European Commission reopens Google antitrust investigation after political storm over proposed settlement

Competition commissioner says ‘very negative’ responses from complainants and new data raised over summer requires examination

In a surprise move, the European Commission is reopening its four-year antitrust investigation into Google’s search and advertising business - and could open a separate one into its Android mobile operating system.

Joaquin Almunia, the EC’s antitrust chief, told Bloomberg TV on Sunday that following “very, very negative” responses from complainants to the proposed settlement unveiled in the spring that he is “trying to extract from Google solutions to these solid arguments.”

The unprecedented move comes after a political storm over the proposed settlement which Almunia, who will step down in the autumn, had hoped to sign in order to end the long-running investigation.



Speaking to Bloomberg TV on Sunday, Almunia said: “In this investigation, we received a lot of complaints. We have been trying to obtain from Google proposals to overcome the difficulties and the concerns. Now with the last version of proposals we came back to the complainants. The complainants sent us replies during the summer. Some of these replies are very very negative.

“And in some of those replies, some complainants have introduced new arguments, new data, new considerations so we now need to analyse this and to see if we can find solutions – if Google can find solutions to some of these concerns which we consider justified, and we are in this process. So it’s a long investigation, it’s a complex issue.”
Ministers from Germany and France, as well as other commissioners in the EC, had criticised the proposed settlement - which also became the source of fierce opposition from complainants to the original investigation, who said Almunia had not put it through “market testing” to examine its effects on their businesses.

The long-running investigation formally began in November 2010, when Almunia opened an investigation into whether Google’s dominance in Europe’s search advertising market, where it accounts for roughly 95% of the search market, required regulatory action.
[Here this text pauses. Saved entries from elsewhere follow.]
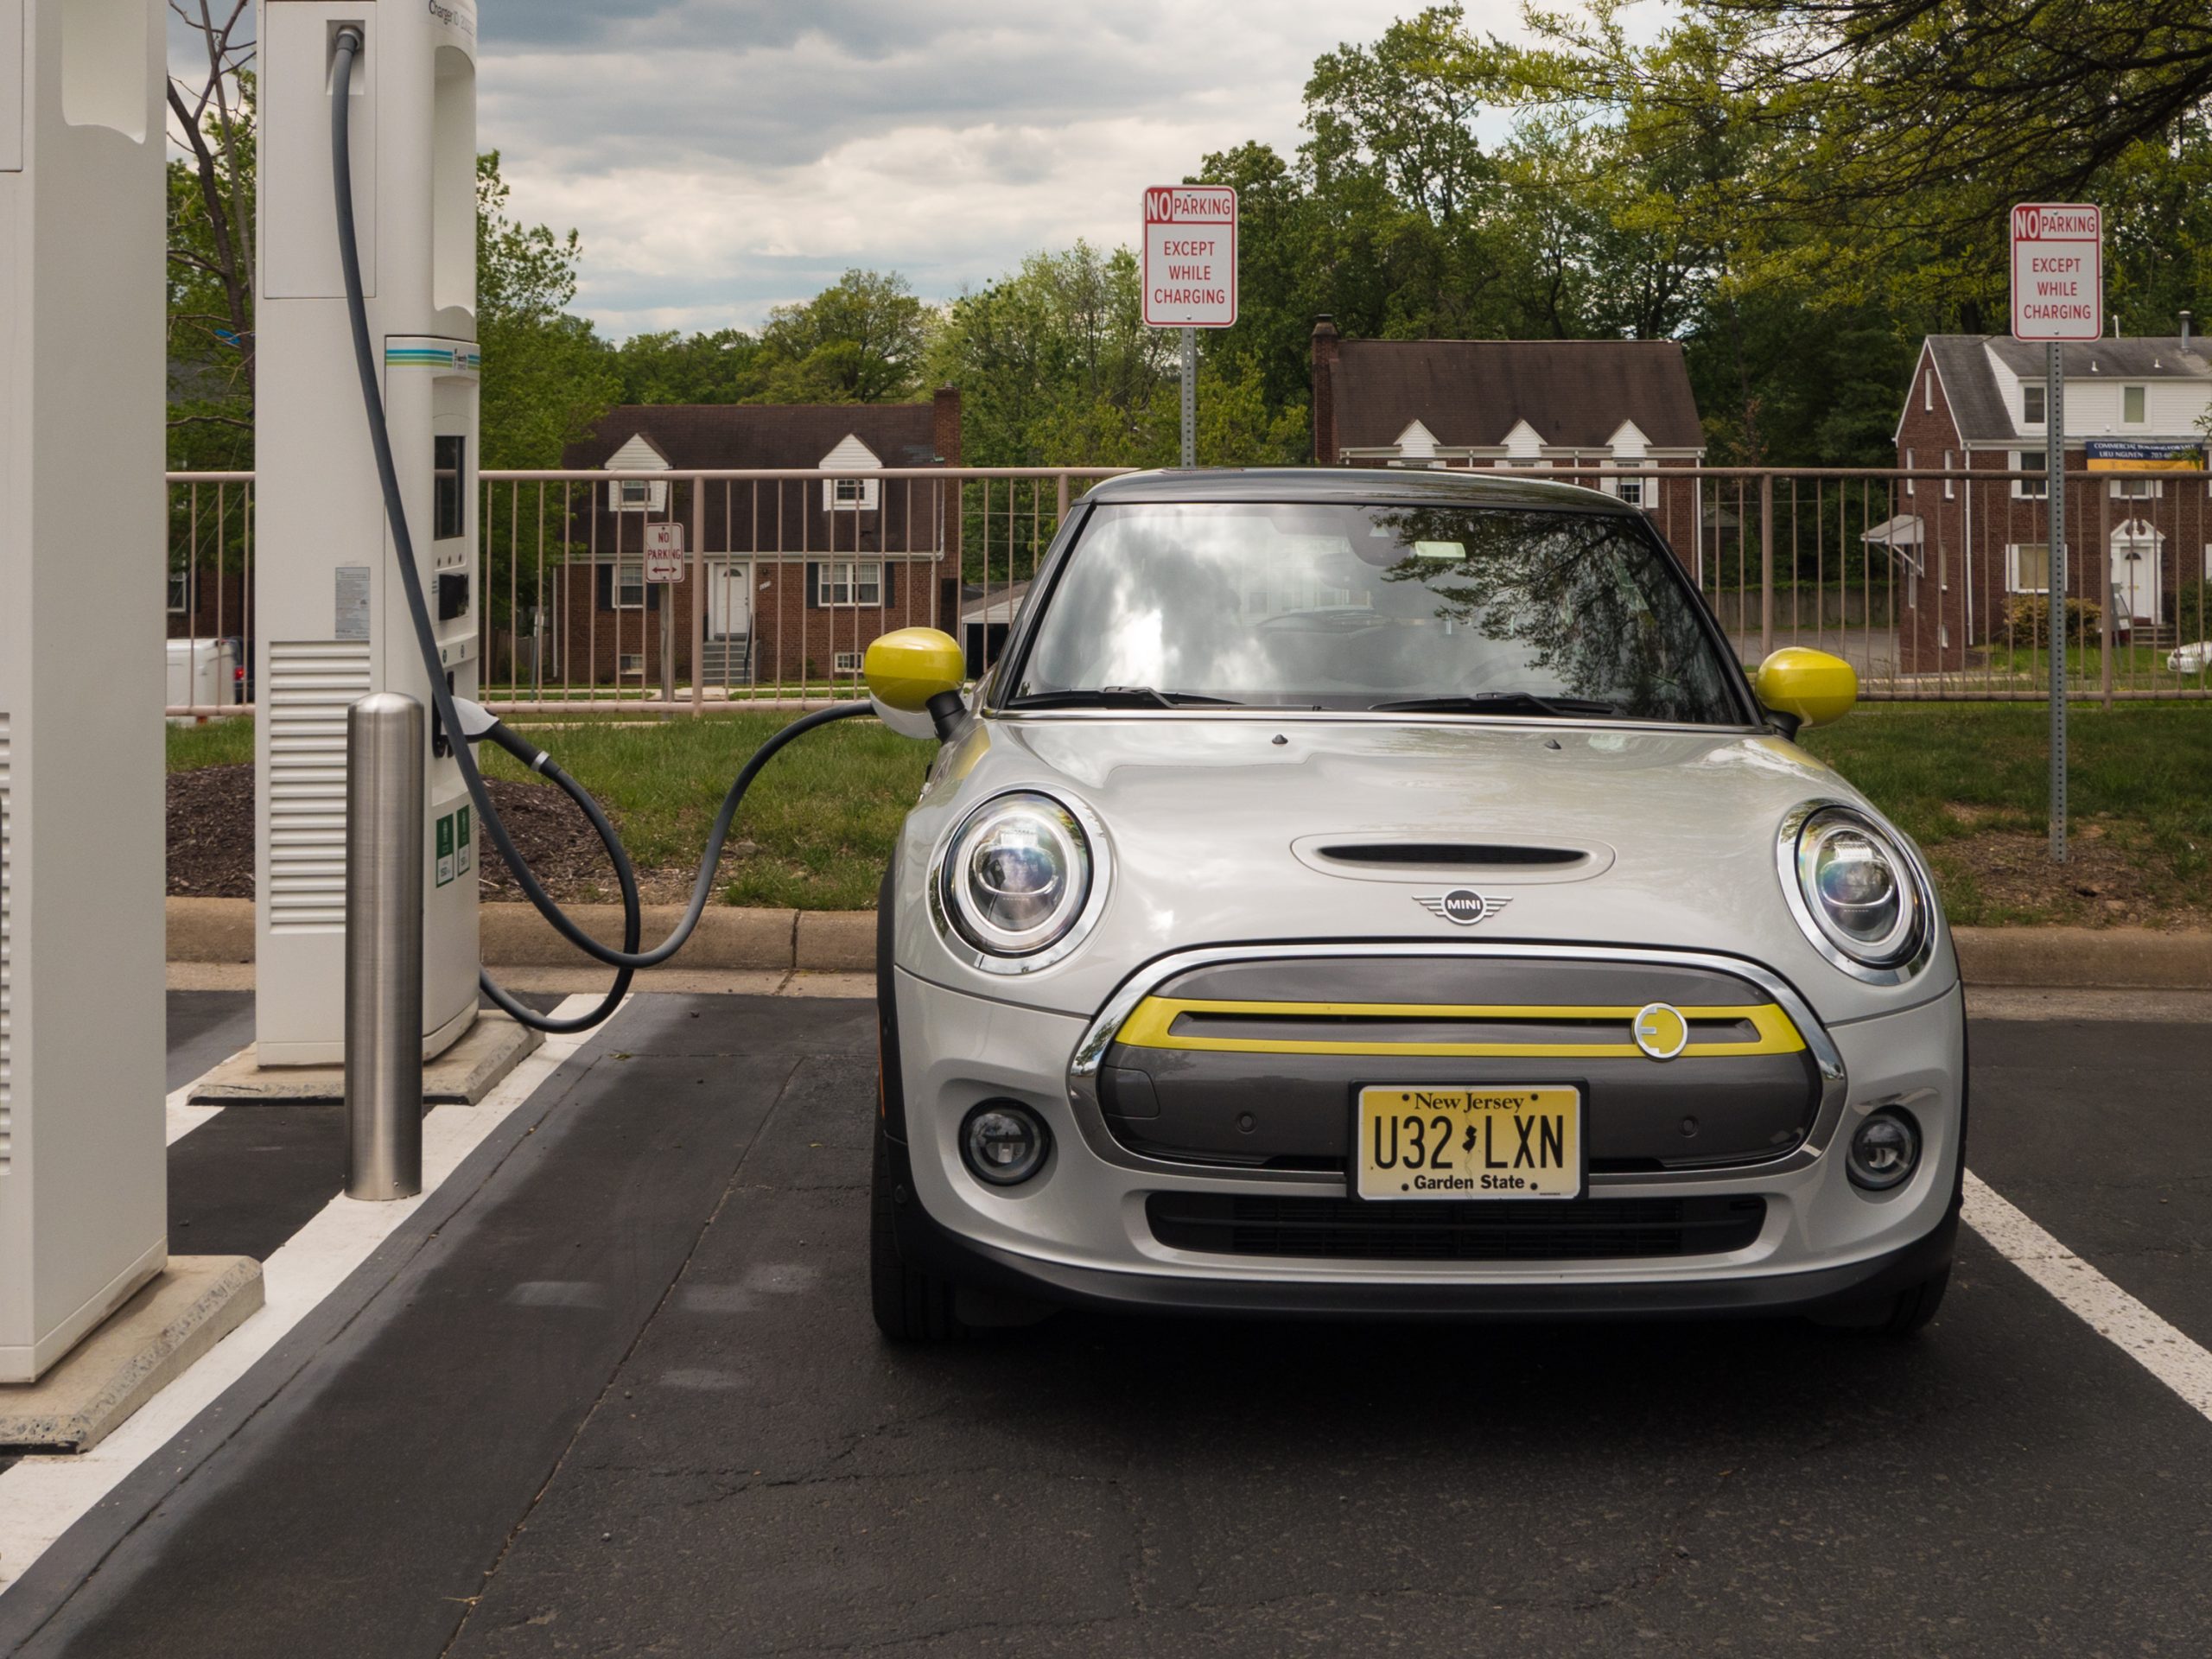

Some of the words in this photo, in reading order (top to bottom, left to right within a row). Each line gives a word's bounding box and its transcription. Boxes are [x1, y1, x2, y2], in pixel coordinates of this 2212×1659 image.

[1147, 192, 1173, 221] NO
[1174, 198, 1230, 215] PARKING
[2016, 210, 2039, 238] NO
[2042, 216, 2095, 232] PARKING
[1164, 241, 1215, 256] EXCEPT
[1169, 265, 1211, 280] WHILE
[2032, 258, 2081, 272] EXCEPT
[1154, 289, 1224, 304] CHARGING
[2037, 282, 2077, 296] WHILE
[2024, 304, 2091, 320] CHARGING
[658, 532, 670, 543] NO
[647, 549, 681, 560] PARKING
[1446, 899, 1481, 910] MINI
[1414, 1093, 1461, 1110] New
[1463, 1092, 1524, 1113] Jersey
[1374, 1116, 1453, 1169] U32
[1485, 1115, 1564, 1168] LXN
[1414, 1175, 1474, 1190] Garden
[1480, 1174, 1525, 1190] State
In May 2012 Almunia said there were four key areas of concern about Google’s business: its links to its own “vertical search” services such as Google Shopping, YouTube and Maps over rivals, the copying of content from competing vertical search companies, restrictions on rivals advertising on sites using Google ads, and the portability of advertising campaigns from Google’s system.
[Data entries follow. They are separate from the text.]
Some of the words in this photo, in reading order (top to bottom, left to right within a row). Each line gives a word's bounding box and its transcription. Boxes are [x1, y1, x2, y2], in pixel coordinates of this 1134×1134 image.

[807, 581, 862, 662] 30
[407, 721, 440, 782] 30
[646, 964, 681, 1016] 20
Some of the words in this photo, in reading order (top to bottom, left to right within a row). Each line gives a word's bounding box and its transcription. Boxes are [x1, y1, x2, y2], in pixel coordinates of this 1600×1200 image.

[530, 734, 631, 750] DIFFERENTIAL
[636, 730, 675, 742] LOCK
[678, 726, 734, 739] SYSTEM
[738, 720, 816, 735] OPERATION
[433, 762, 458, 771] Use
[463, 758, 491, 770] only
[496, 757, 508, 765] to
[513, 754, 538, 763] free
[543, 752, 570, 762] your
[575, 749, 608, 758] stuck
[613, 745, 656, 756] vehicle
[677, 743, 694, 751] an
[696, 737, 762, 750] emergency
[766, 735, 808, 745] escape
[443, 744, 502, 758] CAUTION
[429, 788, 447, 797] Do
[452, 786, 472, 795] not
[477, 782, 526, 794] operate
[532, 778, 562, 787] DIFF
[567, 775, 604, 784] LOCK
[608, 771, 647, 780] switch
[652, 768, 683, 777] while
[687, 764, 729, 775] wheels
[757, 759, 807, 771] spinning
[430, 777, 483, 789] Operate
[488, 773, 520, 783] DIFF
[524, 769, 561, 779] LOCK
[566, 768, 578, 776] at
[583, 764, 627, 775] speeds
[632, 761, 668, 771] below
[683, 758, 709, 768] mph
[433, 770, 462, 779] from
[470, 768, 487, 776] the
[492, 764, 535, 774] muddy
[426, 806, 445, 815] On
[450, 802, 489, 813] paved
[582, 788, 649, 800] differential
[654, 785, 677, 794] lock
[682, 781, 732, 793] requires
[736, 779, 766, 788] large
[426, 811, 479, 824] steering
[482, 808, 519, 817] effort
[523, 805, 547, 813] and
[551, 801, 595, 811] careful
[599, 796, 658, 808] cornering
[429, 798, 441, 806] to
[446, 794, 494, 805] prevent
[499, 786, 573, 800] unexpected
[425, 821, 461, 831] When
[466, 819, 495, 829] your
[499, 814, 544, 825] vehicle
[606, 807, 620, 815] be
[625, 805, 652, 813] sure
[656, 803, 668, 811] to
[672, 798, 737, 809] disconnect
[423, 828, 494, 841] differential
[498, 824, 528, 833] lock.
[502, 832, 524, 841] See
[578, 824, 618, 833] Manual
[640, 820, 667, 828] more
While the third and fourth areas seemed settled, the first has remained a source of contention to complainants, while German publishers in particular have objected strongly to the use of their content in services such as Google News.

Over the summer a coalition of publishers and others lobbied the EC, and particularly Almunia, to reopen the negotiations.

A Google spokesperson said: “We continue to work with the EC to resolve the concerns they have raised.”

Almunia said that the competition division is also looking “in parallel, in a less advanced manner, on other cases regarding Google such as the Android ecosystem.” There, rivals such as Microsoft have said that the insistence that handset manufacturers using Android with Google’s services have to use Google’s search and maps and give them prominent positions on the home screen stifles competition.

The key objection to the proposed settlement, which would have allowed rival services to buy spaces at the top of search results pages, was that it would not prevent Google from favouring its own services, and would divert money from the rivals to Google even if they received clickthroughs from the adverts - rather than the zero-cost solution if they were ranked highly in “organic” search results, and Google was prevented from putting its own commercial services above those.

Almunia declined to give a timescale. “We are in an ongoing process so I cannot anticipate the end, I cannot anticipate the conclusions. We work in a rigorous way, as always, trying to understand the arguments of the complainants and trying to extract from Google solutions to these solid arguments. We are in this process.”

But Google chairman Eric Schmidt insisted in a letter to the Financial Times on Saturday that contrary to any claims by European news publishers, “Google is not ‘the gateway to the internet’” and added “Nor is it true that we promote our own products at the expense of competitors… if you want to buy something, whether it is shoes or insurance, we try to show offers and websites where you can actually buy things.

“That’s more relevant than a link to a specialised search engine, where you have to repeat your query. And if you need directions to a pharmacy, you get a Google Map with the closest stores. We think that is a great result for users.”